Renseignement pénitentiaire

« Aucun pays démocratique ne dispose d’un service de renseignement pénitentiaire » a déclaré le garde de Sceaux, à l’Assemblée nationale, en juin 2016. En effet, aucun ne permet à des agents pénitentiaires de recourir aux techniques des « services secrets » intérieurs et extérieurs. Néanmoins, la France a franchi le pas.
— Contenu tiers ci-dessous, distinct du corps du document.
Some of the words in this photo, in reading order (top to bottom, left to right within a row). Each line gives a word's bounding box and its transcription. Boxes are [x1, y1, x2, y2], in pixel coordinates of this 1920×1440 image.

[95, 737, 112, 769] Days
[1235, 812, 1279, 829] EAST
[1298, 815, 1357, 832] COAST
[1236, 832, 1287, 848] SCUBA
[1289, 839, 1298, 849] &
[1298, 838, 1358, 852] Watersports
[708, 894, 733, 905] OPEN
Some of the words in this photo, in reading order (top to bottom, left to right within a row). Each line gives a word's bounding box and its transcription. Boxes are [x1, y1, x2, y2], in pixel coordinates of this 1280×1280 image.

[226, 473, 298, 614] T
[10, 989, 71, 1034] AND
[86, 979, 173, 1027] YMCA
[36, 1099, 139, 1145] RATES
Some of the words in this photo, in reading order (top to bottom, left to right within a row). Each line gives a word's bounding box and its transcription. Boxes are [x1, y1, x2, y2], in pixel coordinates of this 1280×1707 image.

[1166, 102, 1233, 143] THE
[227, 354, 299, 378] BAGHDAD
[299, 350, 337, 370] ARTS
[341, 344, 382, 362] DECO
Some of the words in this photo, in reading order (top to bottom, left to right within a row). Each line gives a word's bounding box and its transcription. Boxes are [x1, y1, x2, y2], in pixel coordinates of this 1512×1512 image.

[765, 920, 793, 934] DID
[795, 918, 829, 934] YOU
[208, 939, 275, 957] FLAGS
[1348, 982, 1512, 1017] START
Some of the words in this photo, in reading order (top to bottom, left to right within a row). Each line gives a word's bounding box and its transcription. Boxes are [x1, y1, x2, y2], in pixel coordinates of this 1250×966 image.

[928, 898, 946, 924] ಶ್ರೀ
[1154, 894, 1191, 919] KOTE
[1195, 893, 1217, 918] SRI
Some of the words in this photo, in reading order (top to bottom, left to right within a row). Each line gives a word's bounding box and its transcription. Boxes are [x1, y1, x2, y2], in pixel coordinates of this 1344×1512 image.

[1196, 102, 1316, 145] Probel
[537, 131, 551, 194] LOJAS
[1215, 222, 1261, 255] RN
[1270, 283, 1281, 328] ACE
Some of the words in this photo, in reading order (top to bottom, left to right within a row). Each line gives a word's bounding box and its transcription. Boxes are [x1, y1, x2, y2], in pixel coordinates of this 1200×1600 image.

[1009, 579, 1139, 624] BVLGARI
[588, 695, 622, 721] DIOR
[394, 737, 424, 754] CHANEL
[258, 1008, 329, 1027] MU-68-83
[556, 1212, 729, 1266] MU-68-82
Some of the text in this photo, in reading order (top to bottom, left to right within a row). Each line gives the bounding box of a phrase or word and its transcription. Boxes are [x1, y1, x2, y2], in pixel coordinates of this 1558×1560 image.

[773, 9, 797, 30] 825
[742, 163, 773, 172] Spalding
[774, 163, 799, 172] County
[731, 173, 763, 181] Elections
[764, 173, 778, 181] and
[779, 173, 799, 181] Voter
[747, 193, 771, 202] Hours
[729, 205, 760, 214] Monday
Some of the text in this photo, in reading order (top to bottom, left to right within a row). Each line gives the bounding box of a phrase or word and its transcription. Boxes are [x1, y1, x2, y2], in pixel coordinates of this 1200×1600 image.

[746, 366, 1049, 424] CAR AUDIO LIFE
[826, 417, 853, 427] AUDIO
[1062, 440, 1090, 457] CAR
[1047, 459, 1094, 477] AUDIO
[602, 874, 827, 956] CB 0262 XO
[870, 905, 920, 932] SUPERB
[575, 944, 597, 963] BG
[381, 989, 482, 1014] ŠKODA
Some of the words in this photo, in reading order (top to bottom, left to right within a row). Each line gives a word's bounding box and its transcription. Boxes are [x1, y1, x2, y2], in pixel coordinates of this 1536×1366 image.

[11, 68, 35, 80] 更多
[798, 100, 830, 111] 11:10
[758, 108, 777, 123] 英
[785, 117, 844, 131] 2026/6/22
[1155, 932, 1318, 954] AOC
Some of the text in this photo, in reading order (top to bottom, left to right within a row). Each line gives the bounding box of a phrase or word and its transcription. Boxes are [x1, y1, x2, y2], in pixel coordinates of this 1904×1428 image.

En vertu d’un décret de janvier 2017, des personnels de l’administration pénitentiaire sont autorisés pour des finalités très larges –  la prévention du terrorisme et de la délinquance organisée – à utiliser la quasi-totalité du panel vis-à-vis des personnes sous main de justice: captation des données contenues dans un ordinateur, pose de micros ou de caméras cachées dans n’importe quel local, tel qu’une cellule, ou encore utilisation d’IMSI-Catcher – de fausses antennes relais qui interceptent les communications et les données de connexion de toutes les personnes détenant un téléphone portable ou un ordinateur dans un rayon pouvant aller jusqu’à 500 mètres. Or, «  à partir d’un tel procédé, les données de personnes non détenues présentes dans l’établissement ou à proximité (riverains, avocats, magistrats, autres personnels de justice, etc. » peuvent être « systématiquement recueillies » s’est alarmée la Commission nationale consultative des droits de l’homme. Tous les personnels et intervenants sont en outre conviés à transmettre une multitude d’informations et d’impressions sur les personnes ciblées. Une prescription remettant en cause le secret professionnel et la confiance nécessaire pour favoriser le processus de sortie de délinquance.